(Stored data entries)
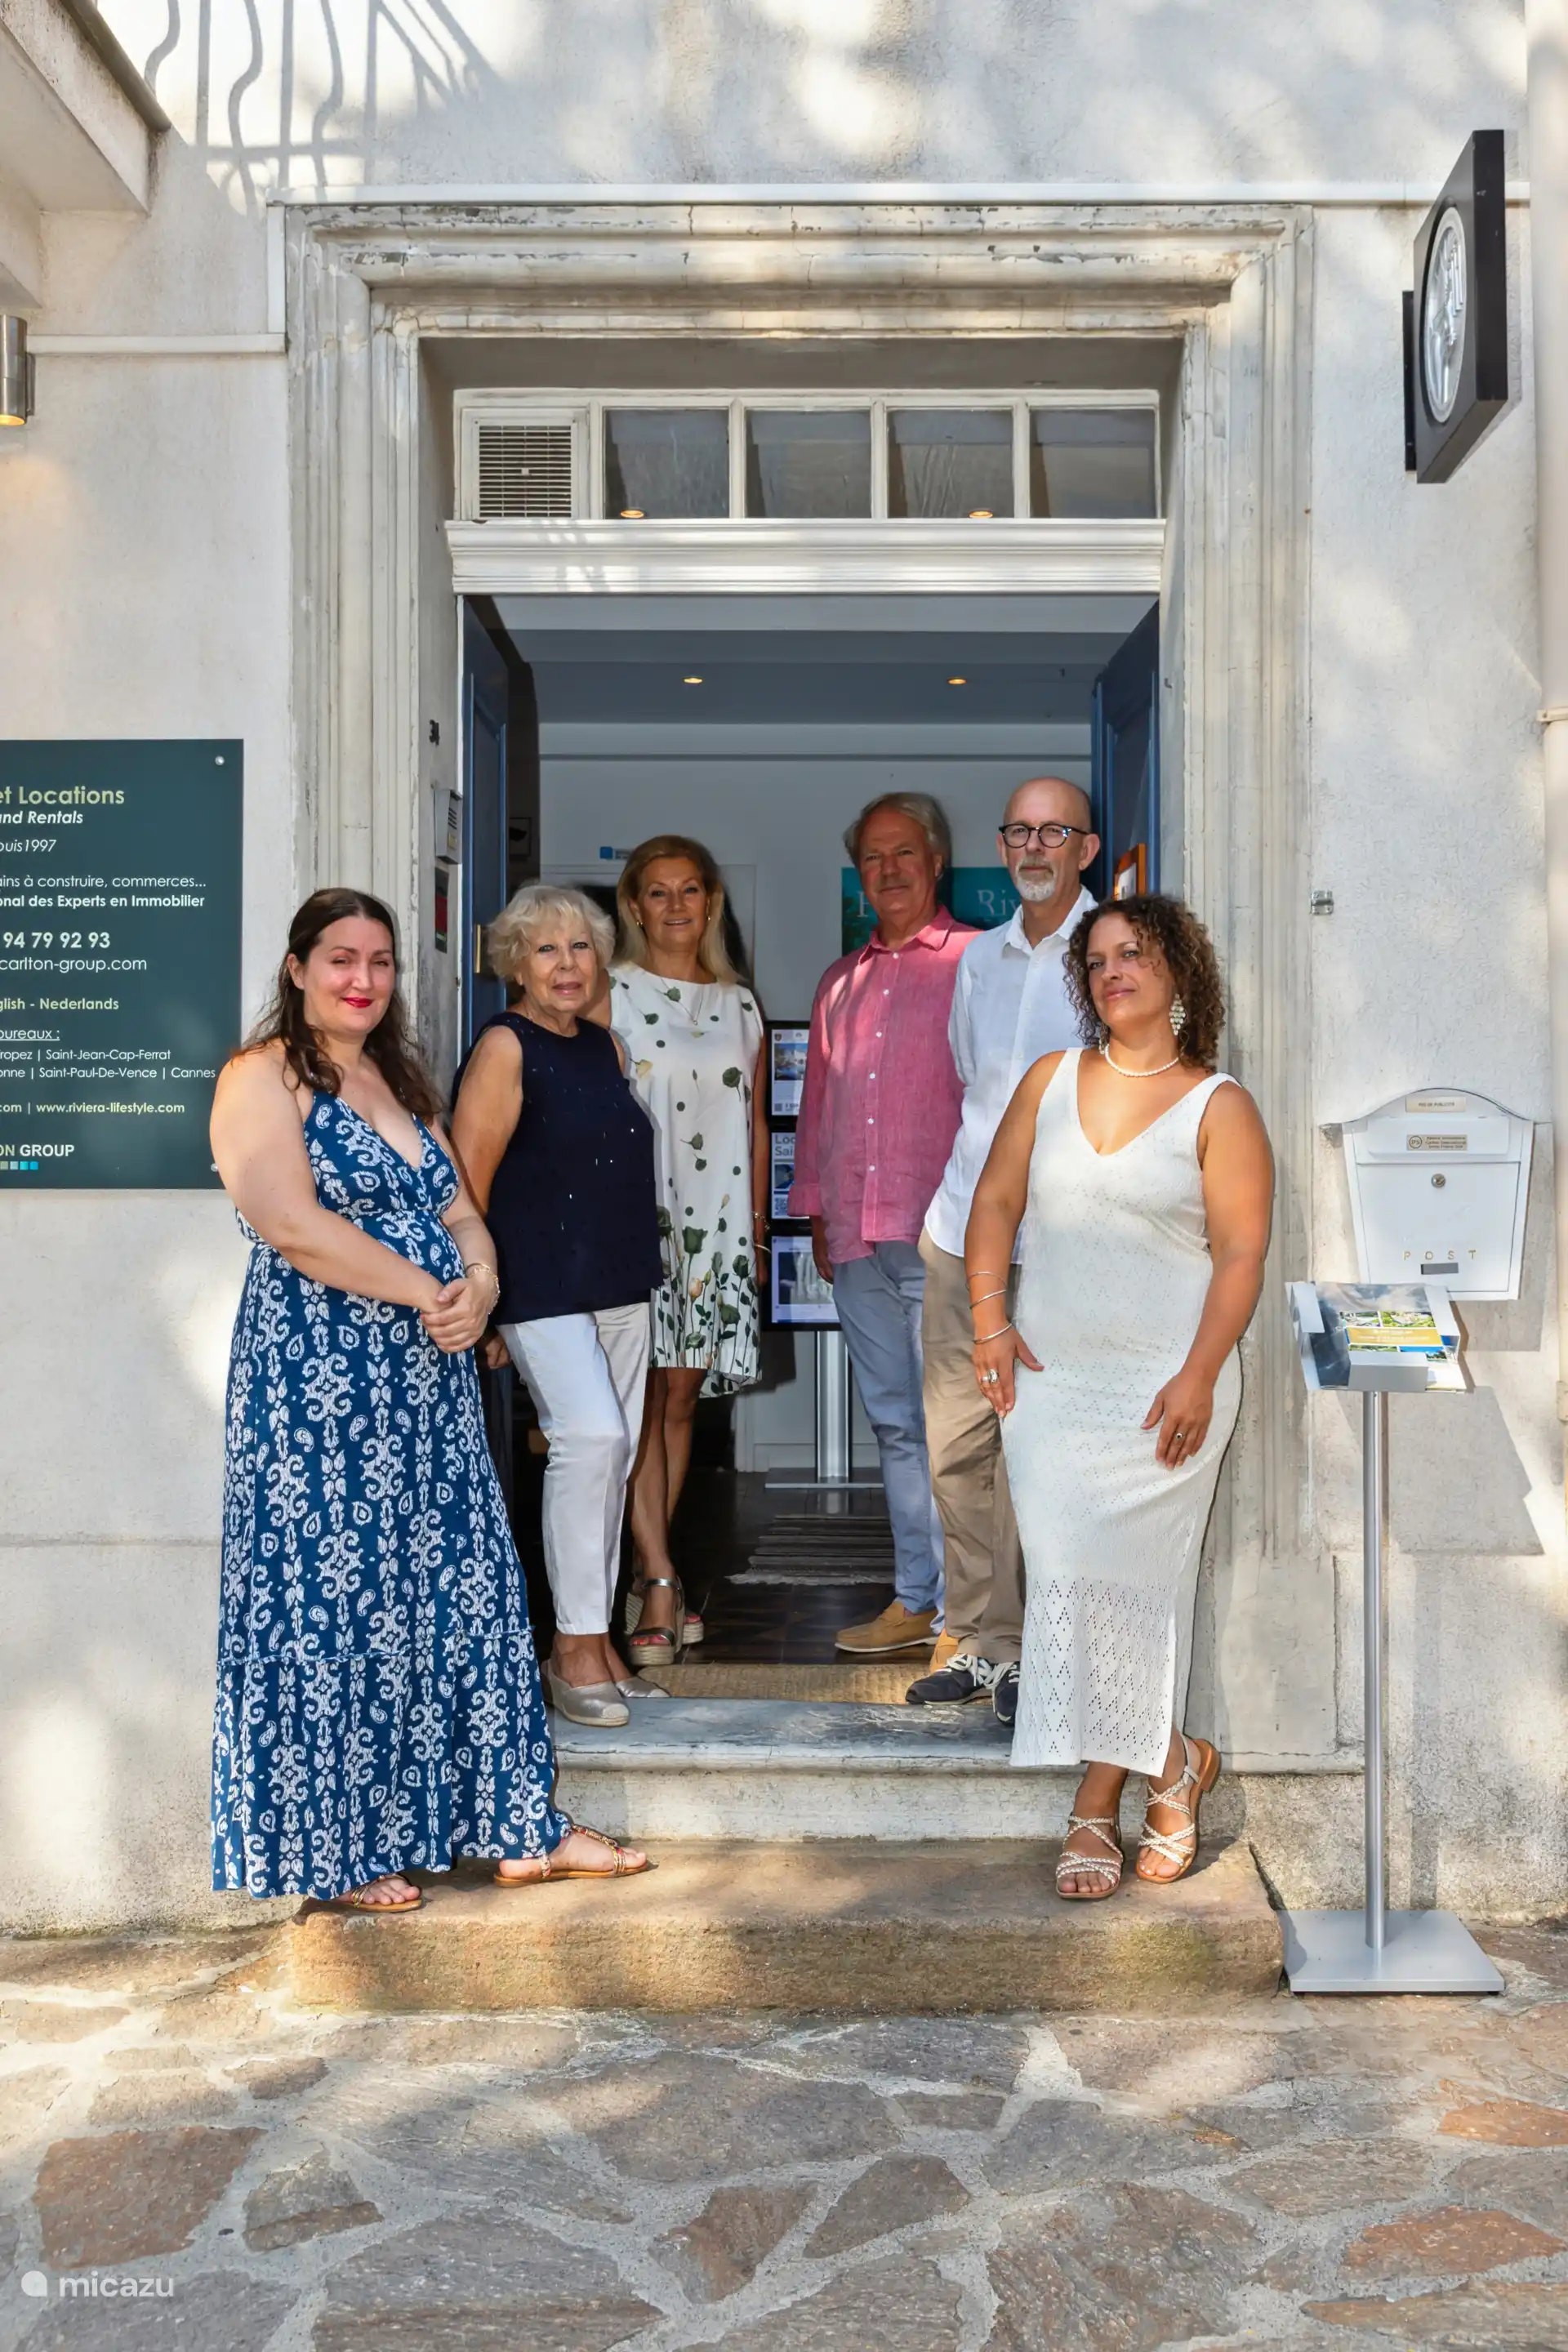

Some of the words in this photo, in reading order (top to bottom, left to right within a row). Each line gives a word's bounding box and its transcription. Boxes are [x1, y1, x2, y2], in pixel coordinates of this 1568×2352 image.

[19, 785, 125, 805] Locations
[0, 810, 24, 824] nd
[27, 810, 83, 824] Rentals
[0, 875, 20, 888] ins
[24, 874, 33, 888] à
[37, 875, 108, 889] construire,
[112, 877, 207, 888] commerces...
[0, 894, 24, 907] nal
[28, 894, 54, 907] des
[57, 894, 106, 910] Experts
[109, 897, 127, 907] en
[131, 894, 205, 907] Immobilier
[2, 931, 25, 948] 94
[31, 931, 54, 949] 79
[60, 932, 82, 948] 92
[88, 931, 110, 949] 93
[39, 997, 119, 1010] Nederlands
[0, 1049, 33, 1062] ropez
[46, 1049, 172, 1062] Saint-Jean-Cap-Ferrat
[0, 1069, 26, 1078] nne
[38, 1067, 158, 1079] Saint-Paul-De-Vence
[171, 1067, 216, 1079] Cannes
[0, 1104, 22, 1113] om
[36, 1102, 185, 1116] www.riviera-lifestyle.com
[19, 1144, 75, 1157] GROUP
[1403, 1250, 1476, 1260] POST
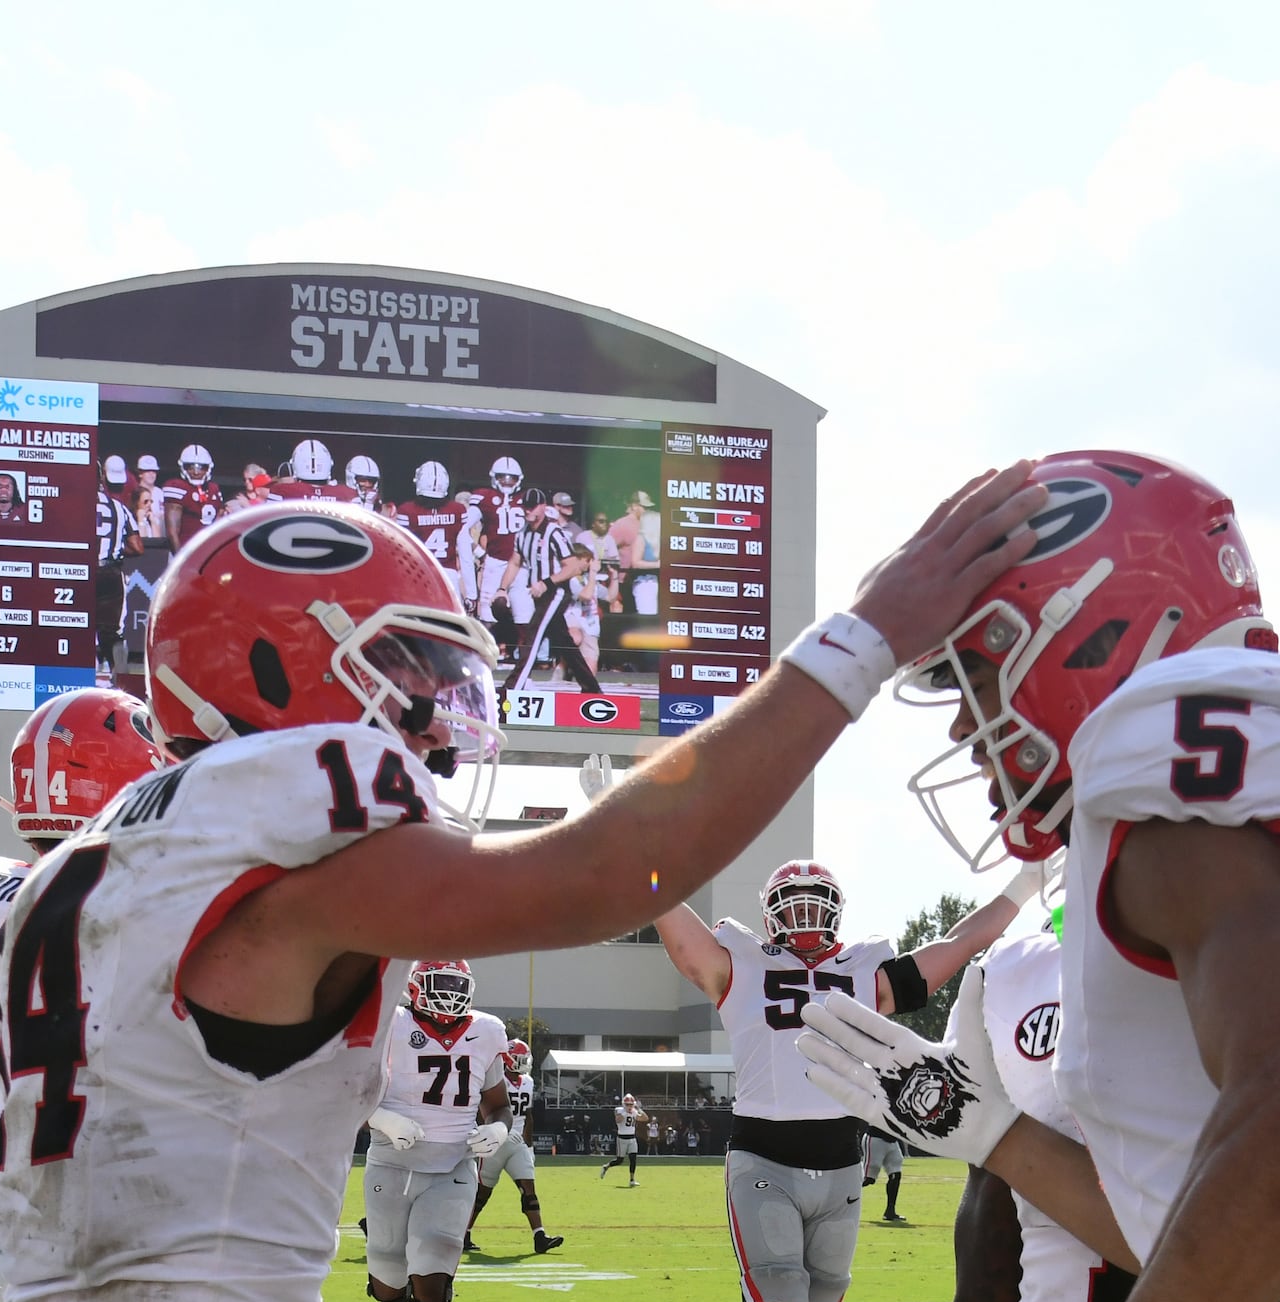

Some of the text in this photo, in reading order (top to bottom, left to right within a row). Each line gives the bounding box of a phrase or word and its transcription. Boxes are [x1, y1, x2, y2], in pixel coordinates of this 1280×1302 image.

[291, 283, 480, 324] MISSISSIPPI
[291, 315, 480, 379] STATE
[39, 394, 84, 410] spire
[26, 430, 90, 449] LEADERS
[696, 434, 768, 448] FARM BUREAU
[18, 450, 54, 460] RUSHING
[702, 447, 762, 460] INSURANCE
[28, 485, 59, 497] BOOTH
[667, 480, 764, 503] GAME STATS
[28, 500, 43, 523] 6
[496, 507, 525, 535] 16
[238, 514, 373, 574] G
[425, 528, 448, 558] 4
[670, 536, 687, 551] 83
[715, 542, 736, 550] YARDS
[745, 541, 762, 555] 181
[41, 567, 86, 577] TOTAL YARDS
[1, 586, 12, 602] 6
[54, 588, 74, 604] 22
[669, 579, 764, 598] 86 PASS YARDS 251
[4, 613, 28, 622] YARDS
[41, 615, 86, 624] TOUCHDOWNS
[694, 625, 713, 633] TOTAL
[715, 627, 736, 635] YARDS
[740, 625, 766, 640] 432
[58, 639, 69, 655] 0
[671, 664, 684, 679] 10
[708, 670, 730, 678] DOWNS
[517, 698, 544, 718] 37
[580, 698, 618, 723] G
[674, 703, 697, 715] Ford
[1170, 695, 1252, 803] 5
[316, 739, 429, 833] 14
[18, 819, 84, 831] GEORGIA
[418, 1055, 471, 1106] 71
[509, 1092, 530, 1116] 52

Exercise: Could you output every entry exactly as written, skipping the pictures?

Solution:
Some of the words in this photo, in reading order (top to bottom, left to right within a row). Each line gives a word's bounding box and its transcription. Boxes are [x1, y1, x2, y2], in pixel coordinates of this 1568×2352 image.

[19, 785, 125, 805] Locations
[0, 810, 24, 824] nd
[27, 810, 83, 824] Rentals
[0, 875, 20, 888] ins
[24, 874, 33, 888] à
[37, 875, 108, 889] construire,
[112, 877, 207, 888] commerces...
[0, 894, 24, 907] nal
[28, 894, 54, 907] des
[57, 894, 106, 910] Experts
[109, 897, 127, 907] en
[131, 894, 205, 907] Immobilier
[2, 931, 25, 948] 94
[31, 931, 54, 949] 79
[60, 932, 82, 948] 92
[88, 931, 110, 949] 93
[39, 997, 119, 1010] Nederlands
[0, 1049, 33, 1062] ropez
[46, 1049, 172, 1062] Saint-Jean-Cap-Ferrat
[0, 1069, 26, 1078] nne
[38, 1067, 158, 1079] Saint-Paul-De-Vence
[171, 1067, 216, 1079] Cannes
[0, 1104, 22, 1113] om
[36, 1102, 185, 1116] www.riviera-lifestyle.com
[19, 1144, 75, 1157] GROUP
[1403, 1250, 1476, 1260] POST

Some of the text in this photo, in reading order (top to bottom, left to right within a row). Each line gives the bounding box of a phrase or word and its transcription. Boxes are [x1, y1, x2, y2], in pixel coordinates of this 1280×1302 image.

[291, 283, 480, 324] MISSISSIPPI
[291, 315, 480, 379] STATE
[39, 394, 84, 410] spire
[26, 430, 90, 449] LEADERS
[696, 434, 768, 448] FARM BUREAU
[18, 450, 54, 460] RUSHING
[702, 447, 762, 460] INSURANCE
[28, 485, 59, 497] BOOTH
[667, 480, 764, 503] GAME STATS
[28, 500, 43, 523] 6
[496, 507, 525, 535] 16
[238, 514, 373, 574] G
[425, 528, 448, 558] 4
[670, 536, 687, 551] 83
[715, 542, 736, 550] YARDS
[745, 541, 762, 555] 181
[41, 567, 86, 577] TOTAL YARDS
[1, 586, 12, 602] 6
[54, 588, 74, 604] 22
[669, 579, 764, 598] 86 PASS YARDS 251
[4, 613, 28, 622] YARDS
[41, 615, 86, 624] TOUCHDOWNS
[694, 625, 713, 633] TOTAL
[715, 627, 736, 635] YARDS
[740, 625, 766, 640] 432
[58, 639, 69, 655] 0
[671, 664, 684, 679] 10
[708, 670, 730, 678] DOWNS
[517, 698, 544, 718] 37
[580, 698, 618, 723] G
[674, 703, 697, 715] Ford
[1170, 695, 1252, 803] 5
[316, 739, 429, 833] 14
[18, 819, 84, 831] GEORGIA
[418, 1055, 471, 1106] 71
[509, 1092, 530, 1116] 52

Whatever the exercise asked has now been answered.